Restoration of Pre-Upgrade Backups
If you restore a backup that was taken on a previous Runtime Fabric agent version than the latest version applied from the control plane for that cluster, you must repeat the upgrade procedure. For more information, refer to Changes Made After Performing a Backup Are Not Restored.
Disabled Mutual Authentication
Runtime Fabric version 1.11 and later requires mutual authentication. If you upgrade from a version before 1.11 to 1.11 or later, you can encounter this error message if mutual authentication is not enabled. To fix this, enable mutual authentication and run the upgrade again.
Troubleshoot Agent Pod
If one or more Runtime Fabric agent pod containers do not check their logs and look for an error message matching an entry, review the following metrics server not running troubleshooting scenario:
If the rtfd container crashes in every attempt, it can return the following error message:
2023/02/23 16:35:20 instantiating client: fetching server resource preferences: unable to retrieve the complete list of server APIs: metrics.k8s.io/v1beta1: the server is currently unable to handle the request
The error can occur because the Kubernetes metrics server is installed but it is not running. Runtime Fabric appliance version 1.1.1636064094-8b70d2d and later include metrics server as a deployment in the monitoring namespace. The events and logs for this deployment and associated pods must be investigated for further troubleshooting. After the metrics server is up and running, the rtfd comes up as expected.

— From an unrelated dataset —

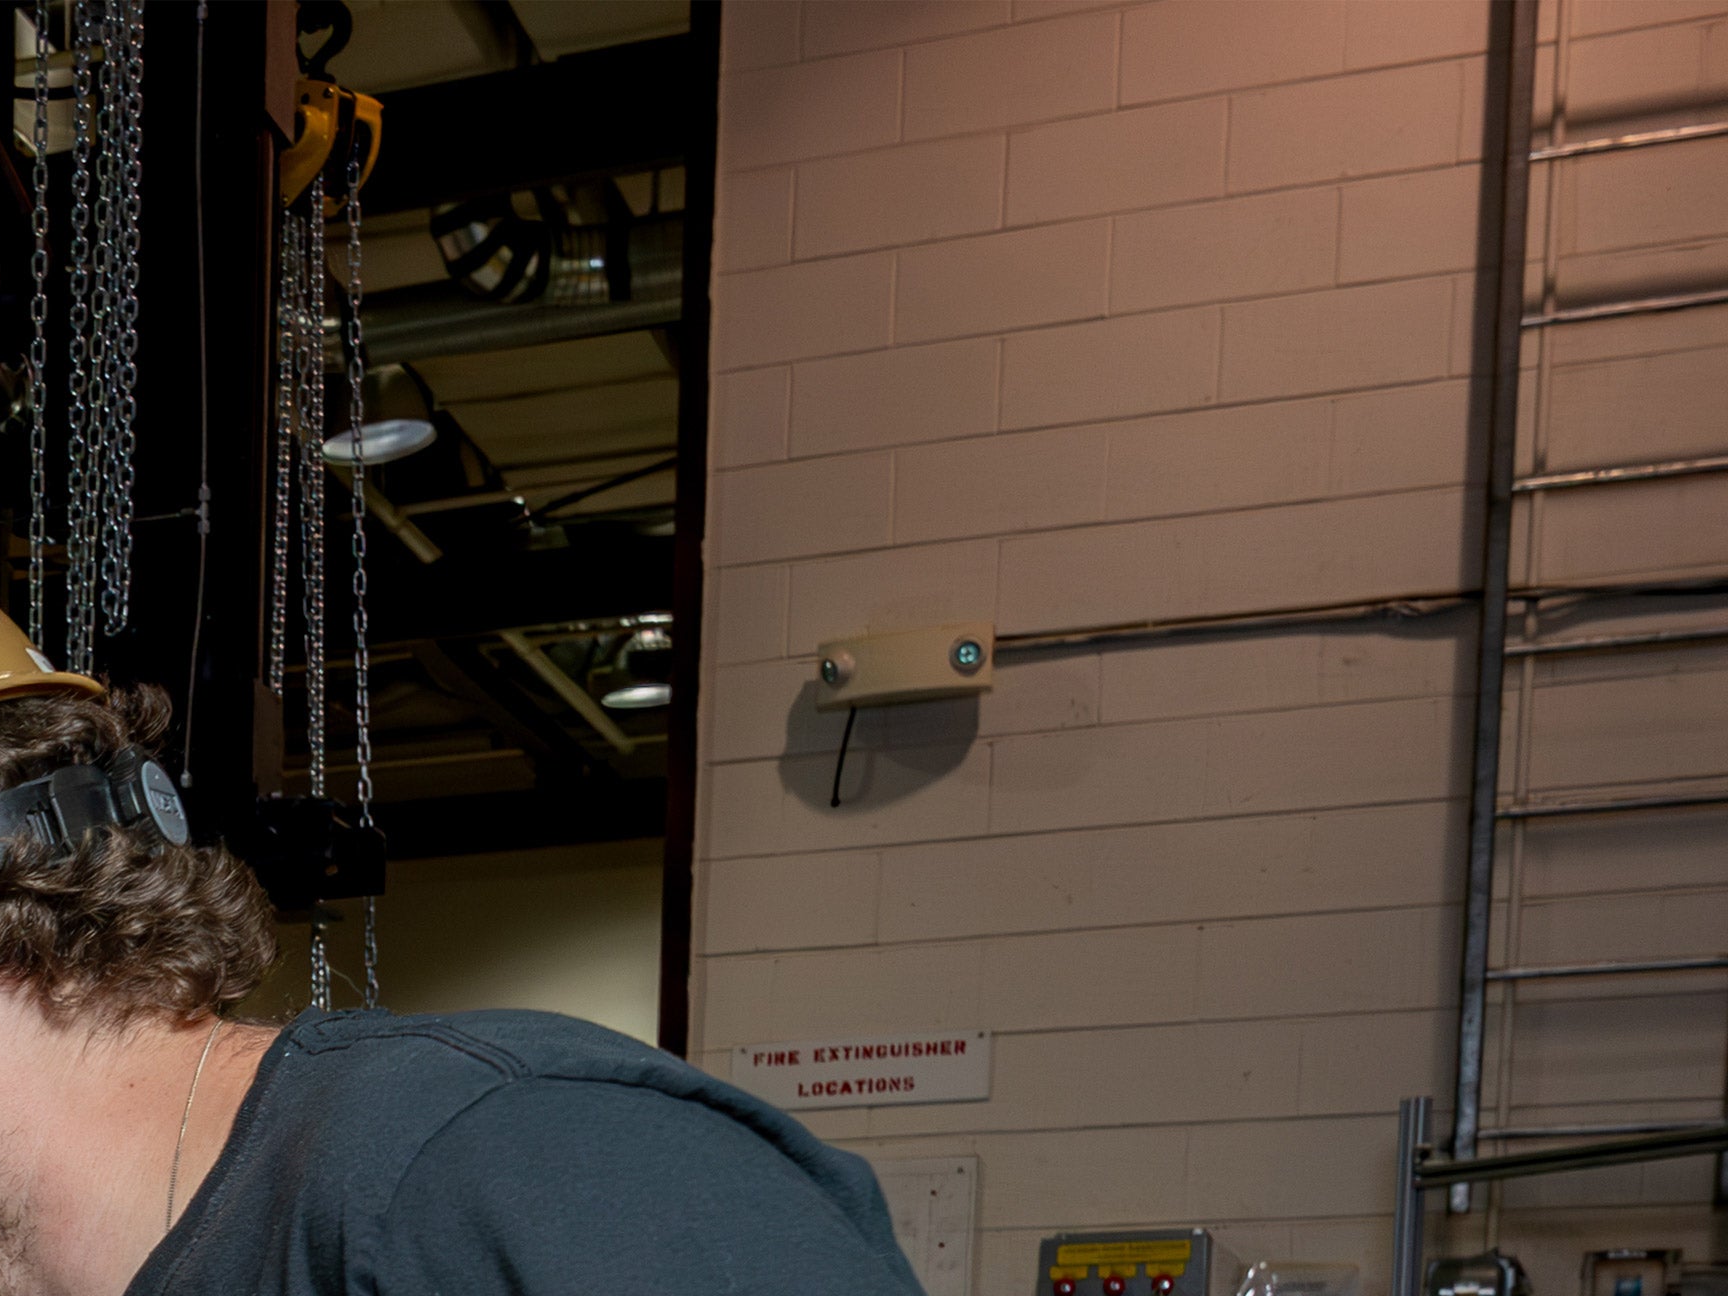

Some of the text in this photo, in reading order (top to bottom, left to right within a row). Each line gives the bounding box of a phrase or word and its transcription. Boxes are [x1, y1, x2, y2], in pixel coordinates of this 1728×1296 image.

[753, 1039, 967, 1067] FIRE EXTINGUISHER
[798, 1076, 915, 1098] LOCATIONS

Contact the MuleSoft Support team with a full appliance report if you require assistance to restore the metrics server.
Troubleshoot Missing Email Alert Customizations
Scenario: After an appliance upgrade, you lose customizations made to your email alerts.
This is a limitation in Runtime Fabric on VMs / Bare Metal, as documented in before you upgrade the Runtime Fabric appliance. The suggested workaround is to back up any customizations before you run the upgrade and then reapply the customizations when the upgrade completes.

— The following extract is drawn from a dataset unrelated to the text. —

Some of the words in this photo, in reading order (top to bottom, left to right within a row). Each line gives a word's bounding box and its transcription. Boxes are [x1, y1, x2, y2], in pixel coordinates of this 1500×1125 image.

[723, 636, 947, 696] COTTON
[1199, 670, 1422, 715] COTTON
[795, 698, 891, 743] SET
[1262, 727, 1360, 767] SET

Troubleshoot External Log Forwarding
Log Aggregators Must Use TLS v1.2
Runtime Fabric external log forwarding libraries do not support TLS v1.3.

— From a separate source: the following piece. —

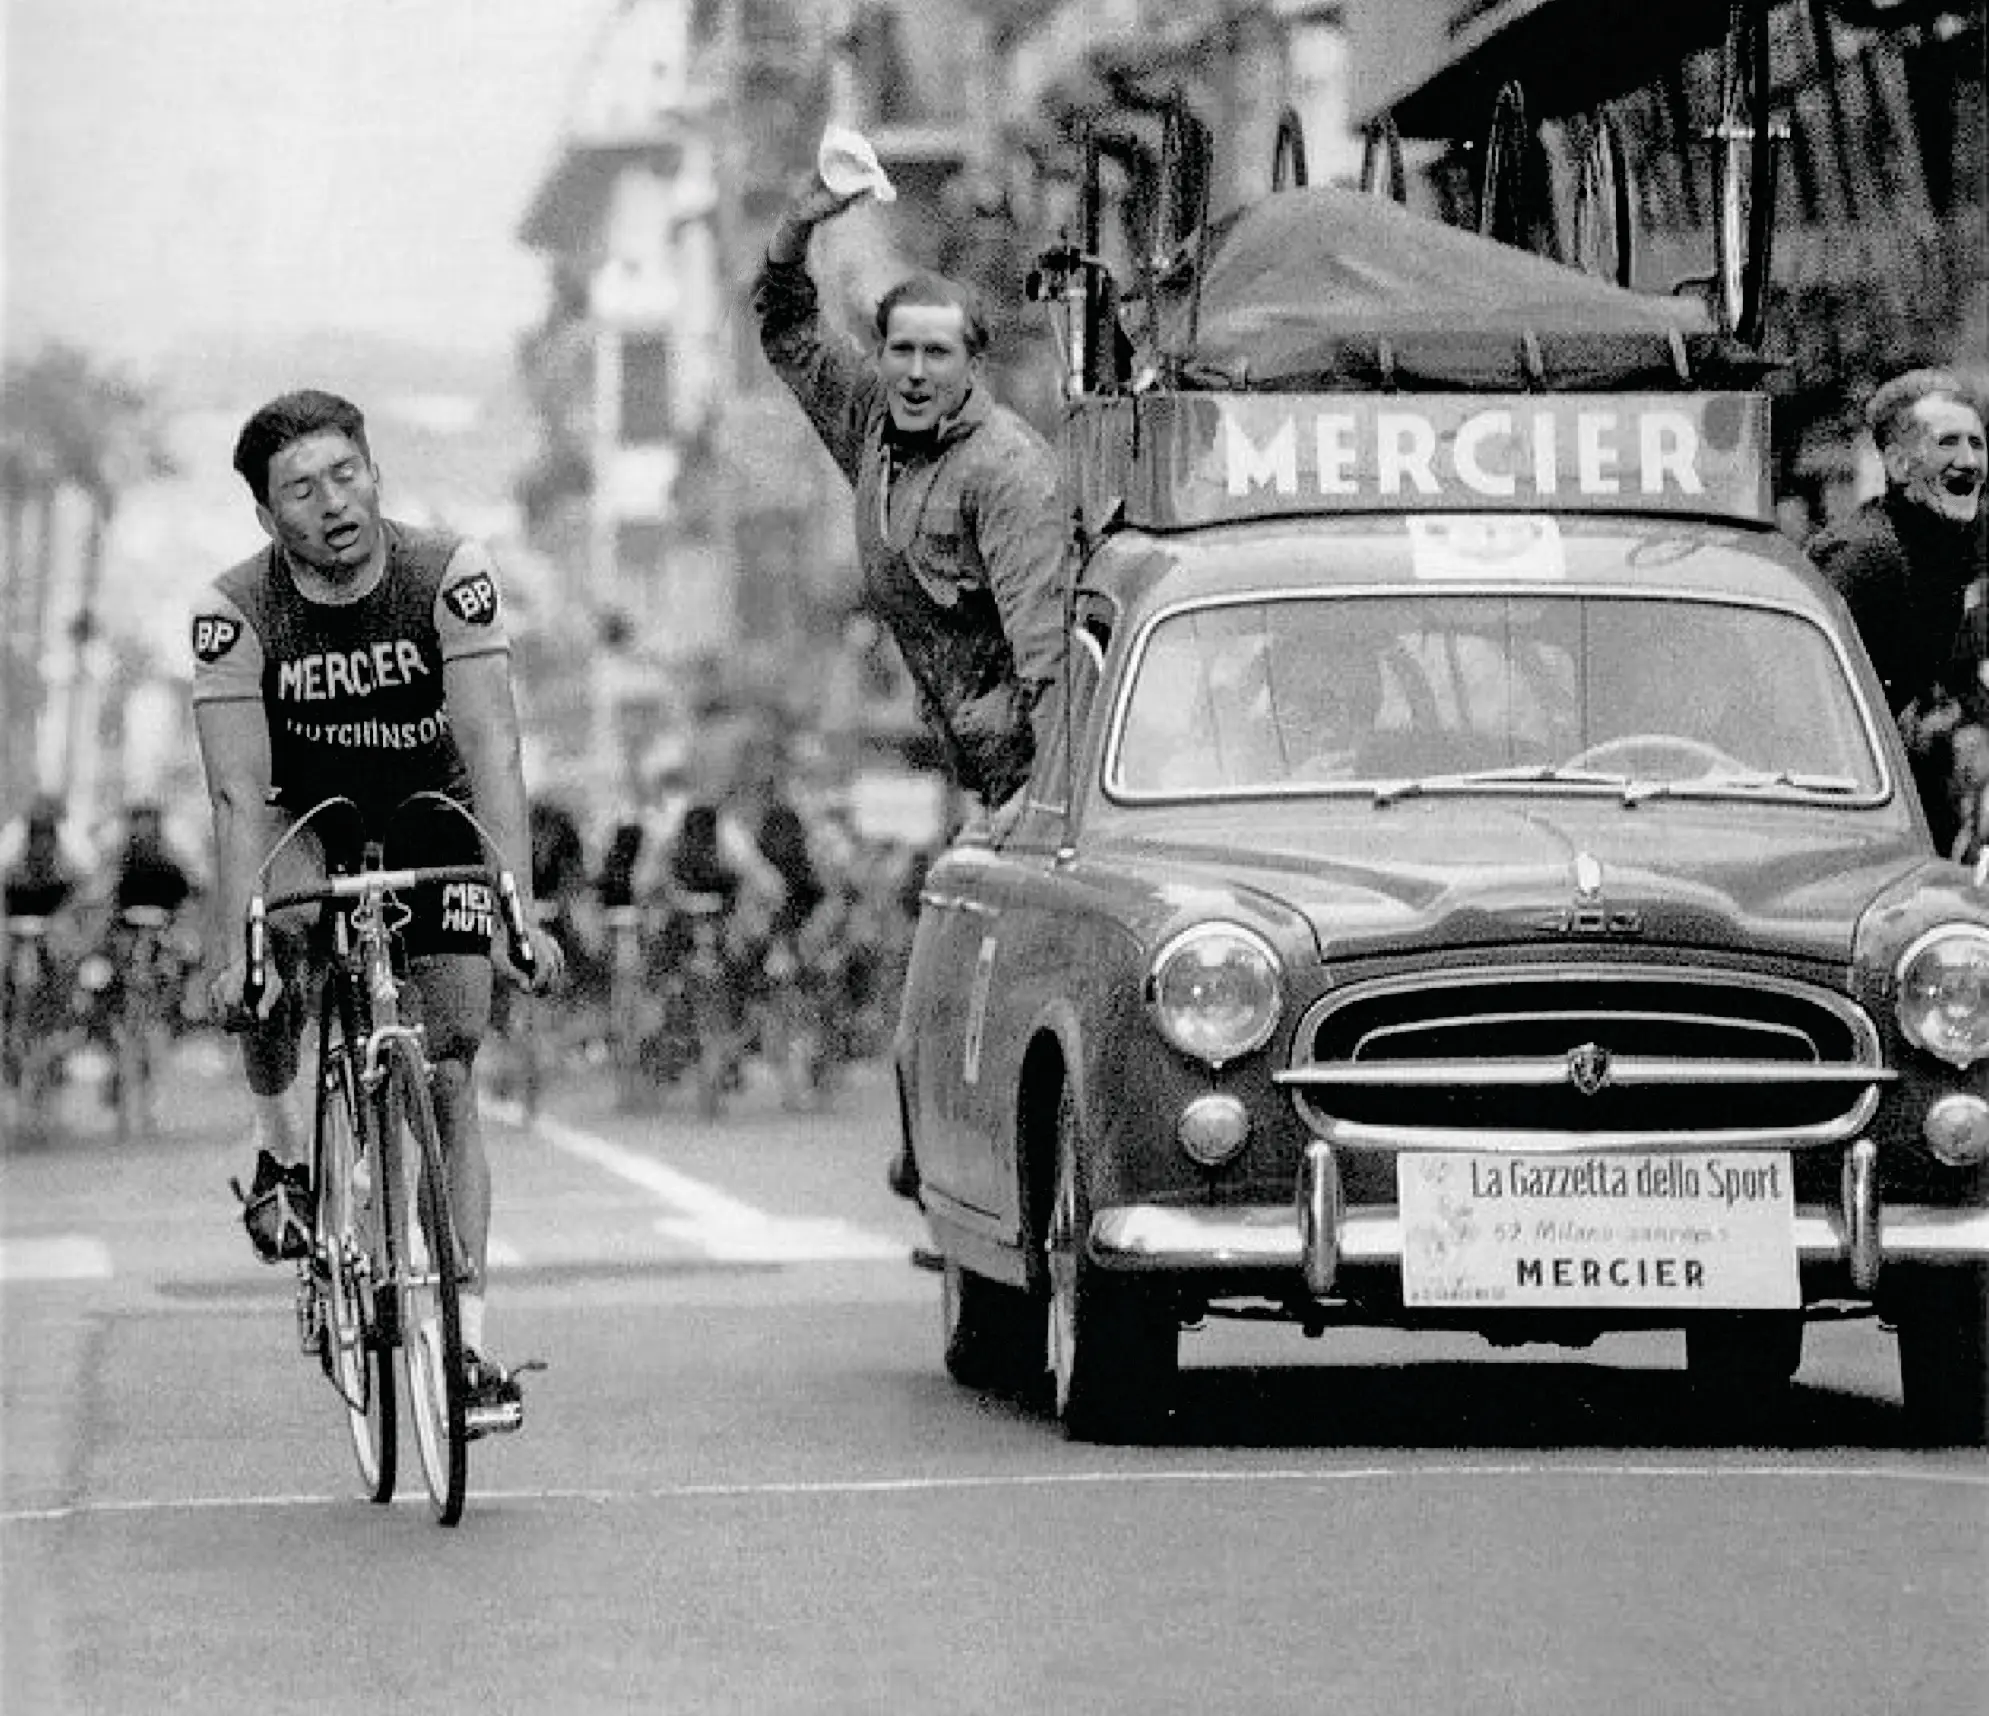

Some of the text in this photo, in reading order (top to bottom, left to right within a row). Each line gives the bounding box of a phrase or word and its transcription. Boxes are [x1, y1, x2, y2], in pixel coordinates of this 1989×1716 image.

If your log aggregator does not use TLS v1.2, your logs won’t be forwarded, and you’ll see warnings on your external log forwarder pods, similar to:
[ warn] [engine] failed to flush chunk '8-1652967809.949249428.flb', retry in 10 seconds: task_id=5, input=tail.0 > output=es.0 (out_id=0) [ warn] [engine] chunk '8-1652967799.665591977.flb' cannot be retried: task_id=1, input=tail.0 > output=es.0
On your log aggregator, you may see an error message similar to:
[WARN ][o.e.h.AbstractHttpServerTransport] [] caught exception while handling client http traffic, closing connection Netty4HttpChannel{localAddress=0.0.0.0/0.0.0.0:9200, remoteAddress=/*.*.*.*:1787} io.netty.handler.codec.DecoderException: javax.net.ssl.SSLHandshakeException: Client requested protocol TLSv1.2 is not enabled or supported in server context ... Caused by: javax.net.ssl.SSLHandshakeException: Client requested protocol TLSv1.2 is not enabled or supported in server context
In such cases, either enable TLSv v1.2, or set your networking infrastructure to have an intermediate node terminate the TLS v1.2 session and create a new TLS v1.3 session to the final destination.